追加のポップコーンが登場したのでケチャップとマヨネーズでサウザンドソースもどきを作るとそでにデイップしながら、
「くぅうう、これは合うわー!」
「きゅーん!」
カーバンクルさんは鼻を私の頬につけて欲しがるので私が直接たべさせてあげる。すると再びすりすり、宝石がついた額に、なんだろう不思議ないい匂いがするカーバンクルさん、空になったお椀をもってくるので、ハイボールを作ってあげる。カーバンクルさんはホラー映画をまじまじと見つめてる。
「どうしたのー? 怖いねー? ねー?」
そう私が声をかけると、カーバンクルさんは、ふと天井の斜め上をじっと見て、何かを追いかけるように視線を動かした。
「あそこって何かいるのかな? 分かる? ミカンちゃんにデュラさん?」
二人はポップコーンに七味とバターをまぶしてハイボールのおつまみにしながらカーバンクルさんが見たところを見つめて、
「なにもないのー!」
「うむ、なにやら亡霊的な者はこの建物に居座っているようだが、あそこには特に、カーバンクルよ!一体何をみた?」
そう、カーバンクルさんはその天井の端を見てから震え出した。私の腕の中で頭を隠してお尻を隠さない。ああん、きゃわわ!
「いかなるものも勇者は見通すの! セカンドアイ!」
とミカンちゃんが指で眼鏡みたいにして天井の端を見るけど、何も見えないみたい。というか凄い滑稽な女の子にしか見えないわミカンちゃん。ブルブルブルブル震えるカーバンクルさん。そしてついには……
「キュキューン、キューン!」
「カーバンクルさん!」
何か恐ろしい物を見た瞳で一心不乱にカーバンクルさんは玄関に向かい、玄関は誰もいないのにギィと開かれる。そこに飛び込んで元の世界に帰ってしまったカーバンクルさん。もっと抱っこしたかったのにー。

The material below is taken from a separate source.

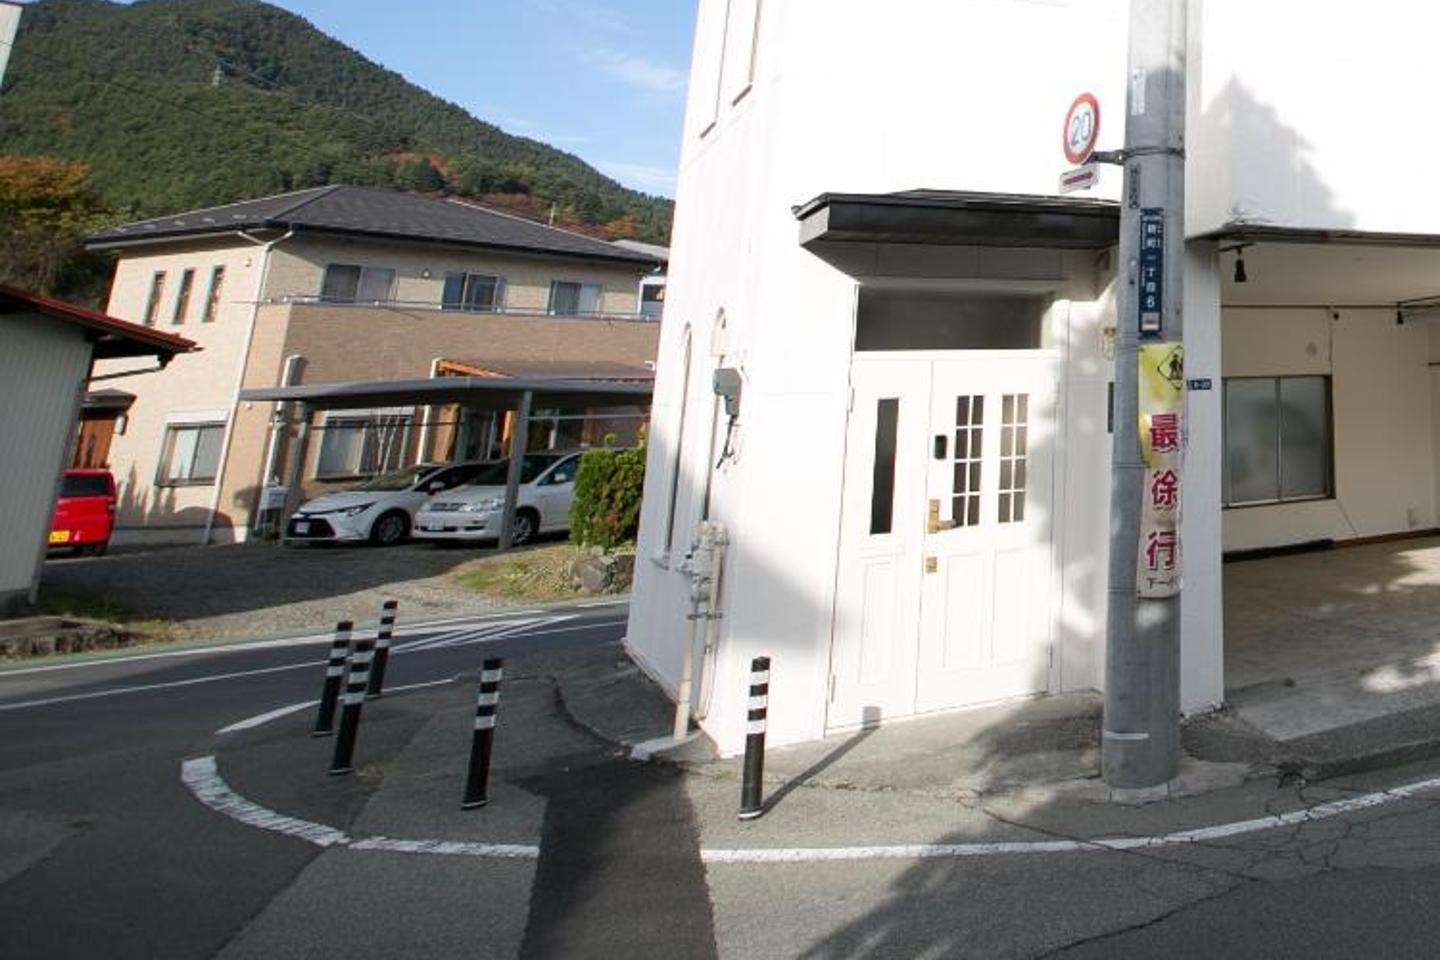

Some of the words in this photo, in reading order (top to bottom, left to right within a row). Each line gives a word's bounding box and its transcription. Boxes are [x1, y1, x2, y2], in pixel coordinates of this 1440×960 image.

[1071, 111, 1091, 145] 20
[1146, 414, 1177, 571] 最徐行
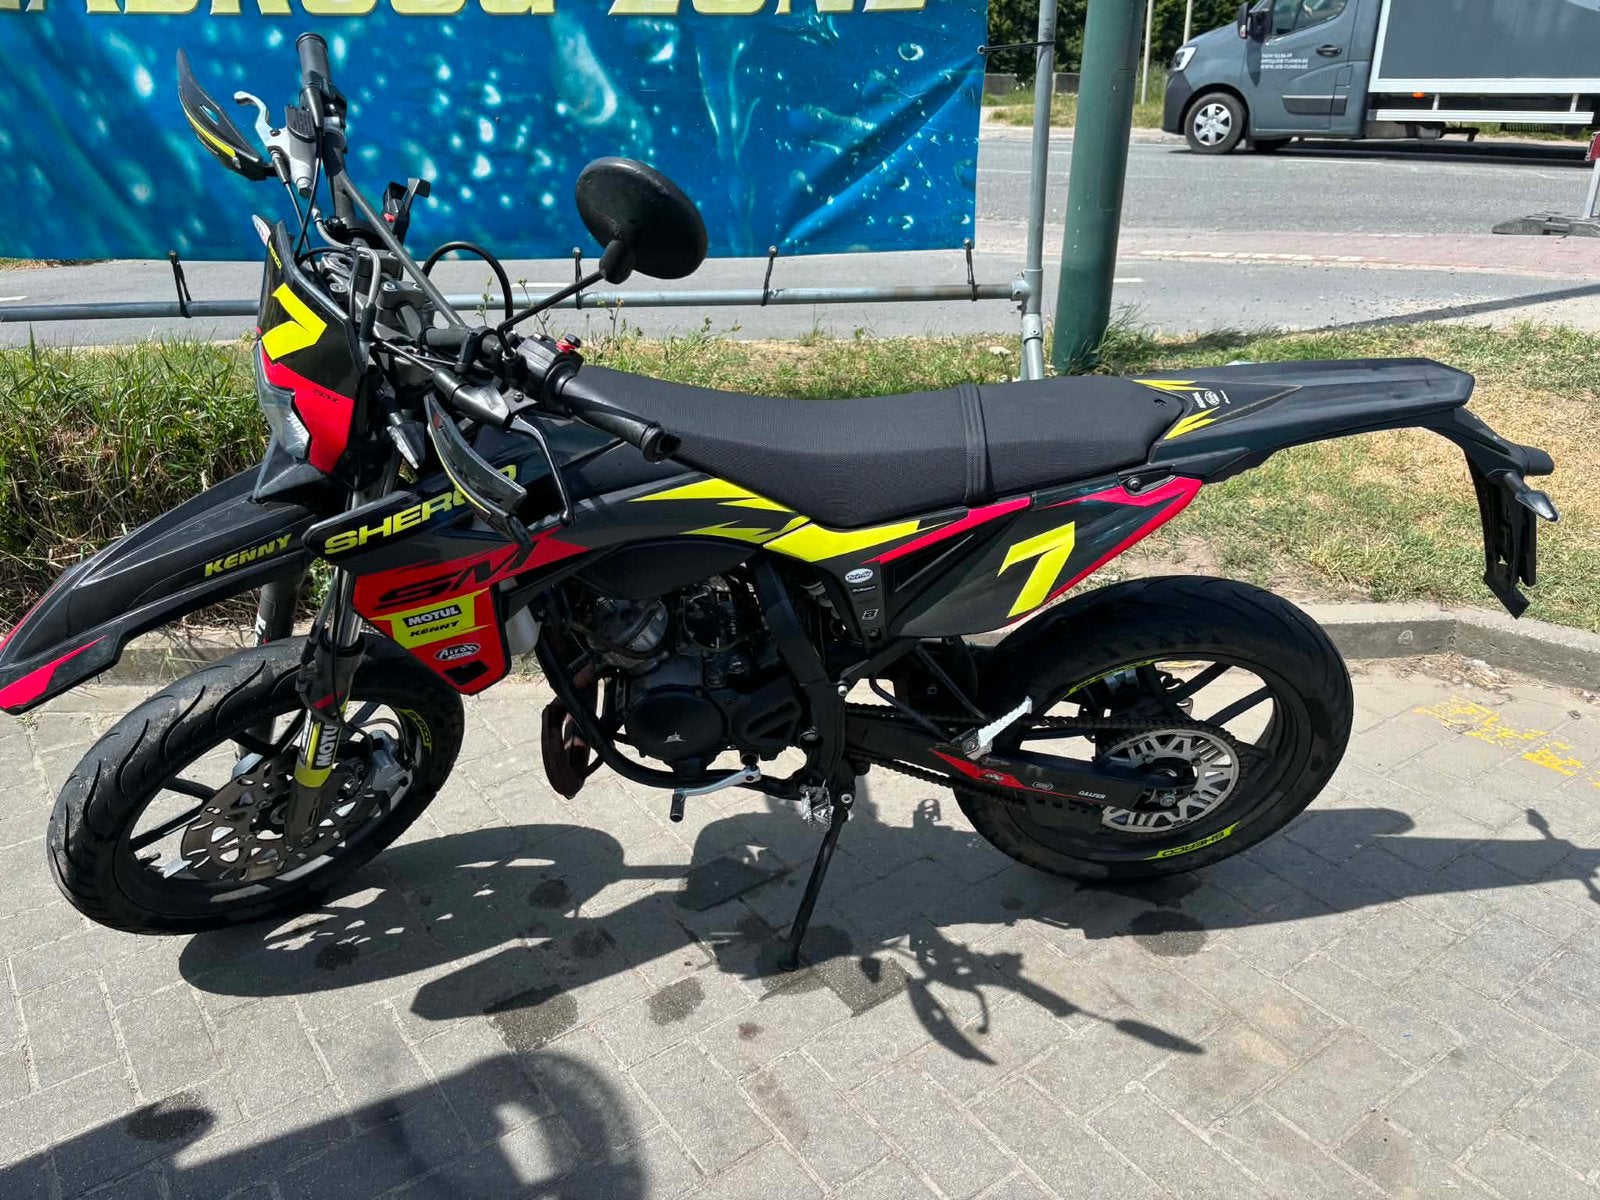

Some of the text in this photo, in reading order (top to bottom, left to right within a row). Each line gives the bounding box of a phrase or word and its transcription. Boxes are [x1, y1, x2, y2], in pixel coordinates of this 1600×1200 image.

猫とかもそうなんだけど、天井にいる虫とかネズミとかあるいは私たちに聞こえない家の軋みとか見て反応しちゃうよのね。それを知らない人たちは……
「何がいるか分からないの。不安なの。デュラさん、何か分かる?」
「勇者のスキルをもかわし、我も何も感じぬ……神域すら越えた先にいる魔神という輩がいるとでもいのであろうか……」
その日の晩、デュラさんは寝ずの番をしてミカンちゃんはビビりまくって私のベットに潜り込んできた。実際の幽霊とかには全然ビビらないのに、這いよる混沌的なえもしれぬ恐怖みたいなのに異世界の人は弱いみたいね。